There’s vulnerability preached in the lyrics – an exposing of secrets in order to free ourselves. Kendrick reminds us that it’s complicated – and losing this complexity is to lose us, and to be content with the limited range of possibilities that makes a white world comfortable. But that situation kills us. Track after track we are pushed to look in the mirror and see us – and choose us.

For Kendrick, there is love. But what he means by love isn’t easy; it isn’t the stuff of my-heart-is-melting-love-songs. The album demands we see ourselves and each other as we are – the vulnerabilities, the trauma, but also the possibilities. In a word, love is mindfulness.

Anthony B. Pinn

Honesty and healing

Another dimension of his genius is expressed in what we might call his equal opportunity honest critique and self-reflection. For instance, Kendrick’s last several albums inspired thousands of young and old Black folks, people of colour, and white folks to take to the streets and demand that Black lives matter.
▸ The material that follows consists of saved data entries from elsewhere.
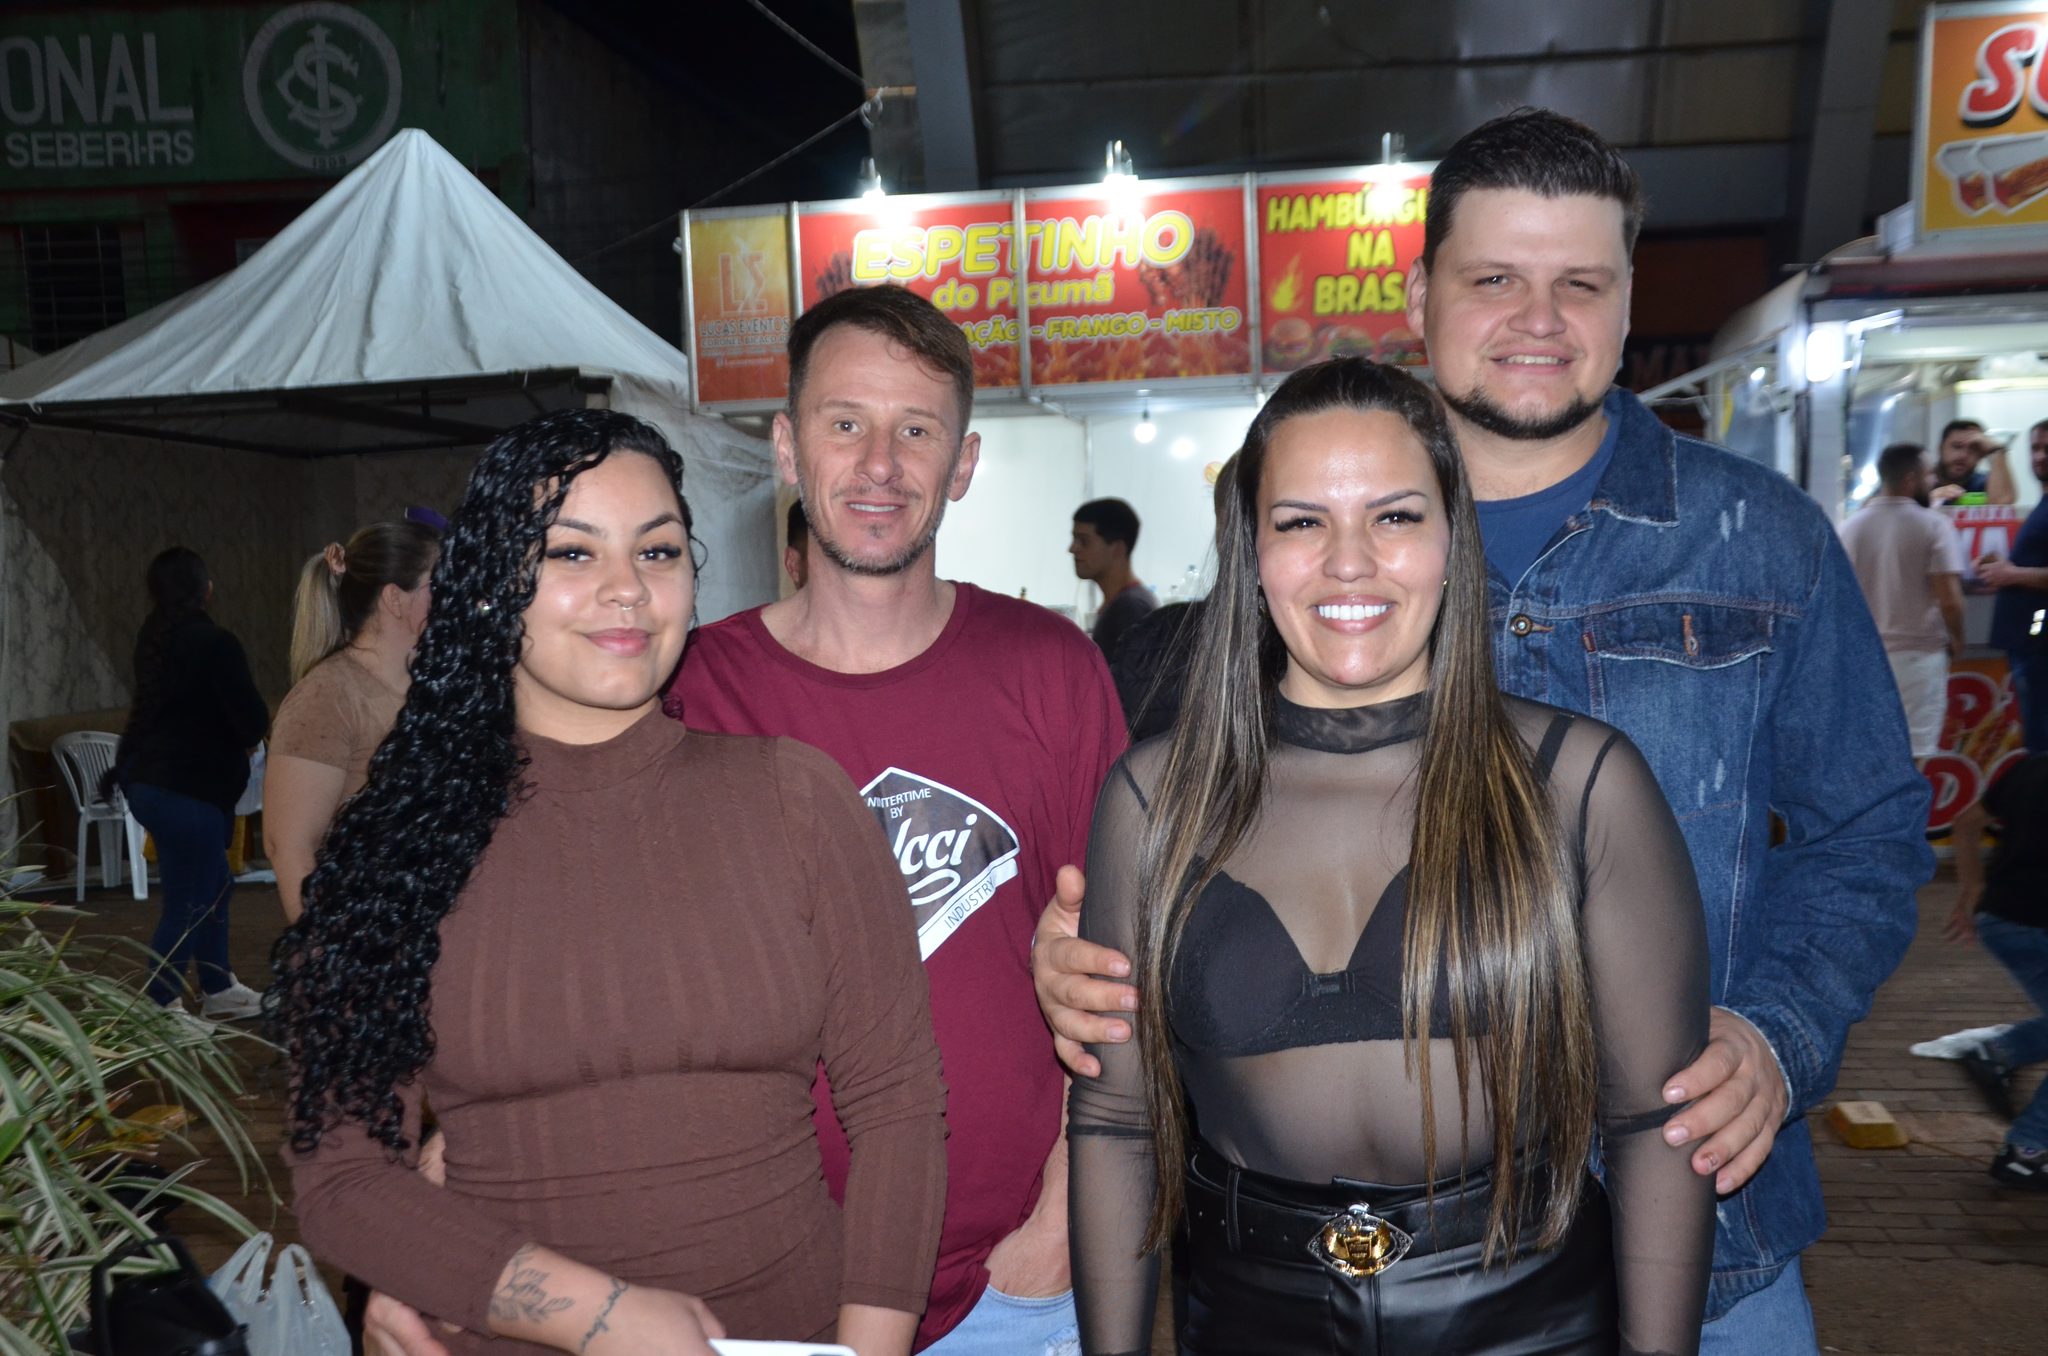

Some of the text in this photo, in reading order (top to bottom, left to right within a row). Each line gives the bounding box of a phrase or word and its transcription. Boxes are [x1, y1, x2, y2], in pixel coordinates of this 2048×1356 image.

[0, 32, 195, 127] ONAL
[854, 210, 1194, 283] ESPETINHO
[1347, 229, 1396, 270] NA
[933, 277, 978, 311] do
[1313, 271, 1407, 315] BRAS
[701, 316, 790, 336] LUCAS EVENTOS
[1046, 313, 1146, 341] FRANGO
[1164, 307, 1240, 334] MISTO
[890, 805, 904, 819] BY
[944, 876, 996, 930] INDUSTRY
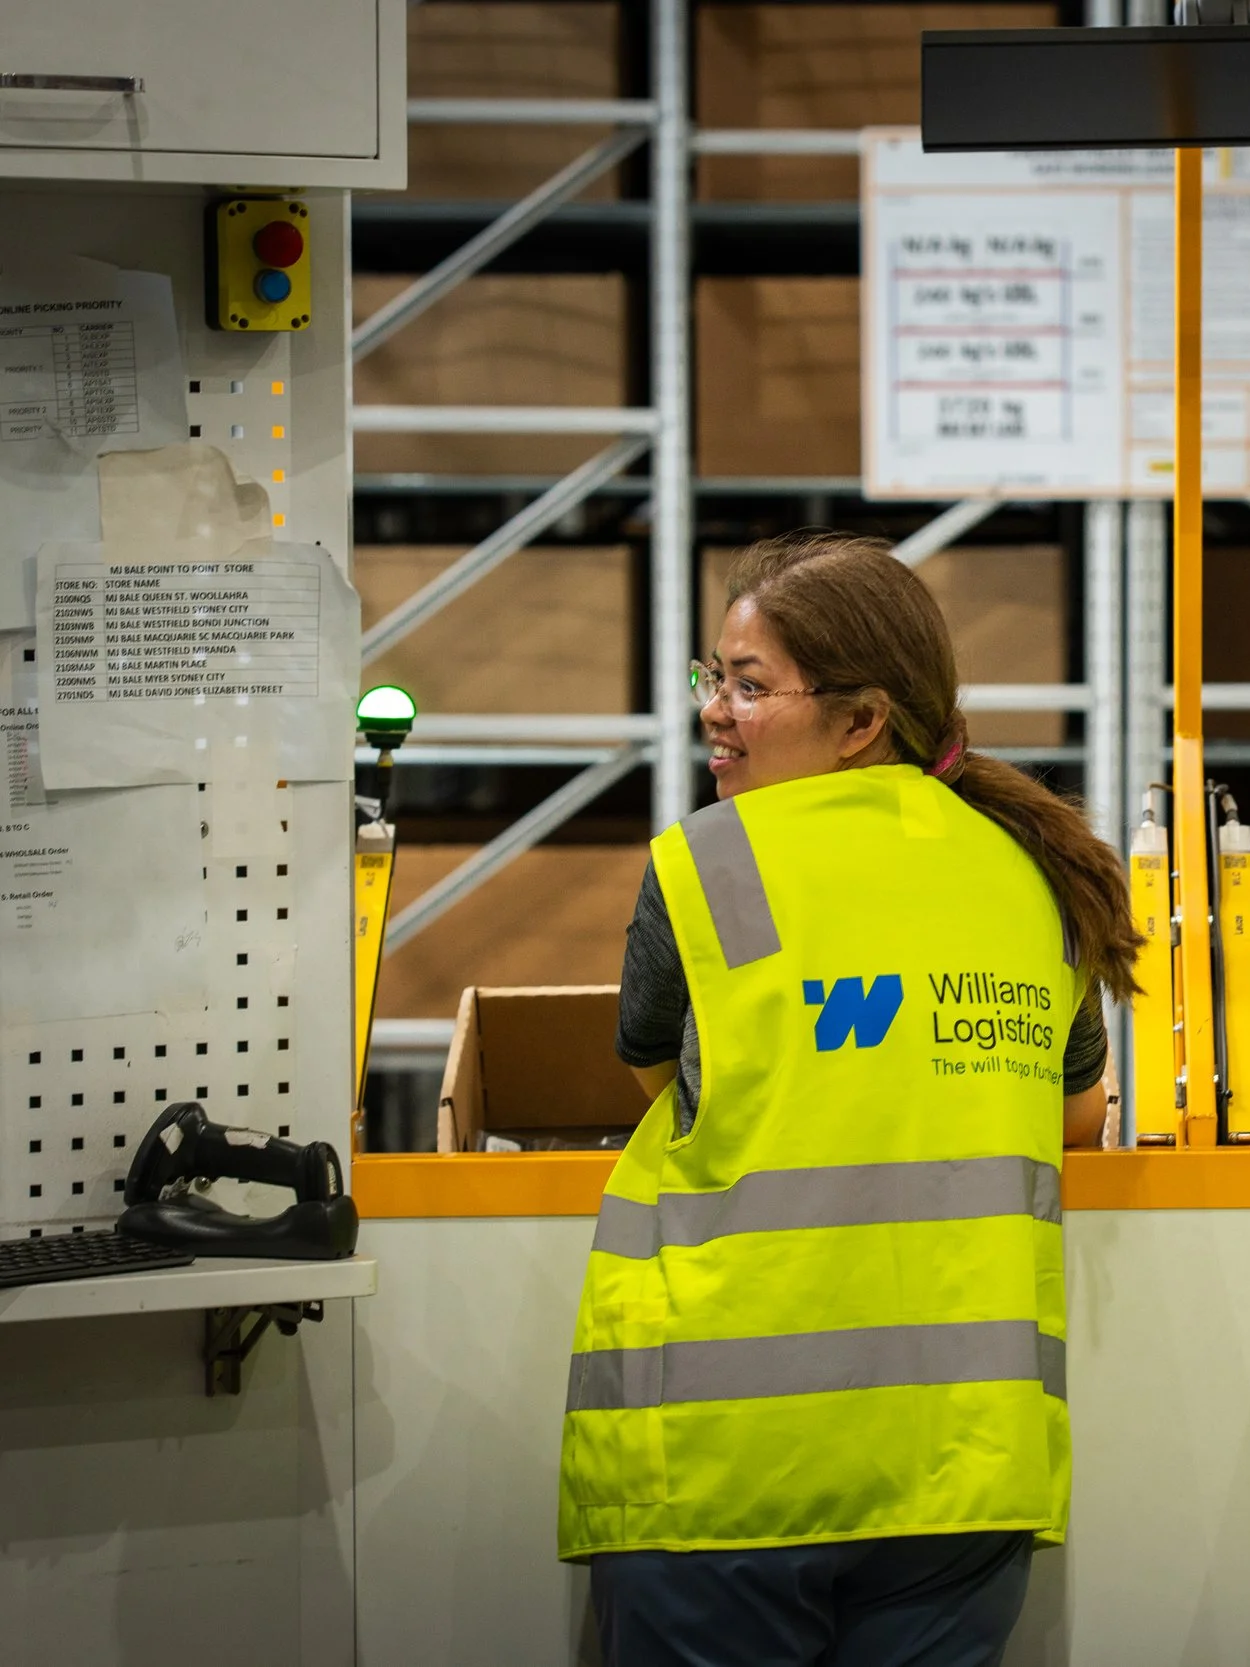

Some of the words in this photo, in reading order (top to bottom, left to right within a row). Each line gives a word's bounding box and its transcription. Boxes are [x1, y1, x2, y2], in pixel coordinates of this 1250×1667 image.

[33, 303, 73, 313] PICKING
[75, 300, 122, 309] PRIORITY
[110, 566, 122, 574] MJ
[125, 566, 145, 574] BALE
[147, 565, 174, 574] POINT
[177, 565, 189, 574] TO
[192, 564, 219, 573] POINT
[224, 564, 254, 573] STORE
[56, 581, 80, 590] STORE
[105, 579, 133, 588] STORE
[134, 579, 160, 588] NAME
[106, 594, 118, 602] MJ
[119, 593, 140, 602] BALE
[142, 592, 172, 601] QUEEN
[190, 591, 248, 600] WOOLLAHRA
[106, 607, 118, 616] MJ
[120, 607, 140, 615] BALE
[142, 606, 189, 615] WESTFIELD
[192, 605, 226, 614] SYDNEY
[229, 605, 249, 613] CITY
[106, 621, 118, 629] MJ
[120, 620, 140, 629] BALE
[143, 619, 189, 628] WESTFIELD
[192, 619, 221, 627] BONDI
[224, 618, 270, 627] JUNCTION
[107, 635, 119, 643] MJ
[121, 634, 141, 643] BALE
[144, 633, 197, 642] MACQUARIE
[199, 632, 209, 640] SC
[211, 632, 268, 641] MACQUARIE
[270, 631, 294, 640] PARK
[107, 649, 119, 657] MJ
[121, 648, 141, 656] BALE
[144, 647, 190, 655] WESTFIELD
[192, 646, 236, 654] MIRANDA
[108, 662, 120, 671] MJ
[121, 661, 142, 670] BALE
[144, 661, 178, 669] MARTIN
[181, 659, 207, 668] PLACE
[109, 675, 120, 684] MJ
[123, 675, 142, 684] BALE
[145, 675, 169, 683] MYER
[170, 674, 203, 682] SYDNEY
[206, 673, 225, 681] CITY
[109, 690, 121, 698] MJ
[123, 689, 143, 697] BALE
[146, 688, 172, 697] DAVID
[174, 687, 201, 696] JONES
[203, 686, 248, 695] ELIZABETH
[251, 685, 283, 694] STREET
[47, 847, 69, 855] Order
[9, 892, 31, 900] Retail
[32, 890, 53, 898] Order
[928, 972, 1051, 1011] Williams
[933, 1010, 1053, 1050] Logistics
[932, 1058, 966, 1077] The
[970, 1056, 1001, 1073] will
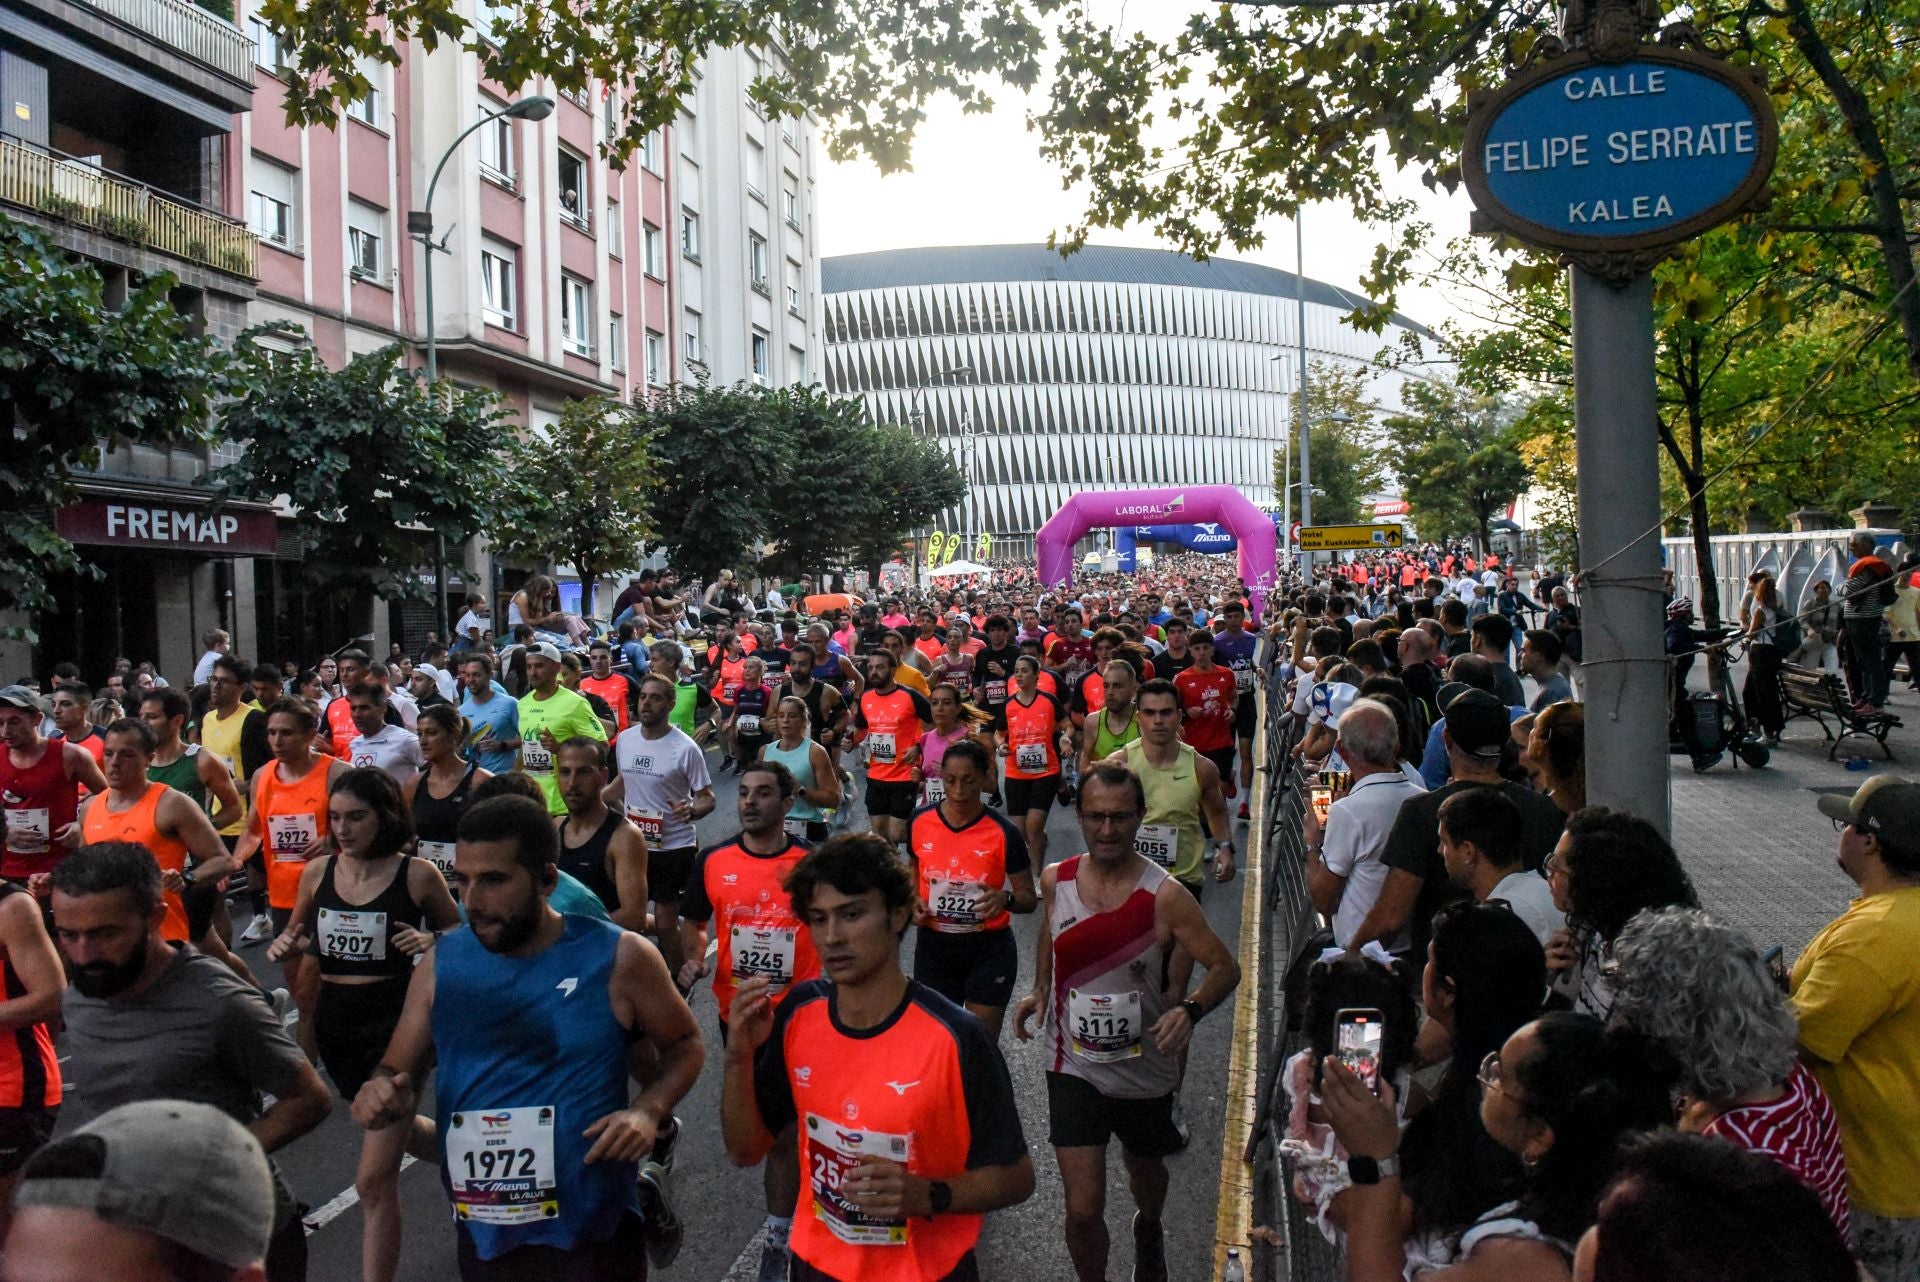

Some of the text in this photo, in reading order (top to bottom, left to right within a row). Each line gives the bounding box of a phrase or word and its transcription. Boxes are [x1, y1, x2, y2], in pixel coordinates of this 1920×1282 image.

[1564, 71, 1666, 100] CALLE
[1485, 120, 1754, 174] FELIPE SERRATE
[1569, 195, 1673, 224] KALEA
[1115, 504, 1162, 515] LABORAL
[107, 505, 238, 544] FREMAP
[1301, 530, 1323, 538] Hotel
[873, 743, 890, 751] 3360
[635, 757, 651, 768] MB
[277, 830, 309, 843] 2972
[937, 896, 976, 912] 3222
[327, 934, 374, 953] 2907
[739, 950, 783, 969] 3245
[1079, 1016, 1129, 1036] 3112
[486, 1138, 507, 1146] EDER
[464, 1147, 536, 1178] 1972
[815, 1153, 848, 1190] 25
Something of Kendrick’s existential need to feel OK within oneself, that ability to inhale and exhale peacefully when the very breath Black folks breathe is under literal threat, became the sagacious, if ironic, rallying cry “we gon’ be alright”. Kendrick wasn’t being an activist in that or those moments. He was being honest.

This honesty cuts in every direction within his music. His ongoing critiques of anti-Black racism and sexism occur alongside deeply morally pregnant reflections on issues internal to the Black community and Black life. For the Compton rapper it seems incumbent that he holds himself and his community to a set of moral standards. Within the intensely polarising times we live today, very few artists across genres have the skill and the willingness to be so responsibly honest. Hip-hop’s always been better than many cultural spaces when it comes to unflinching honesty. Kendrick runs with the latitude afforded by the hip-hop culture he loves. The results are healing.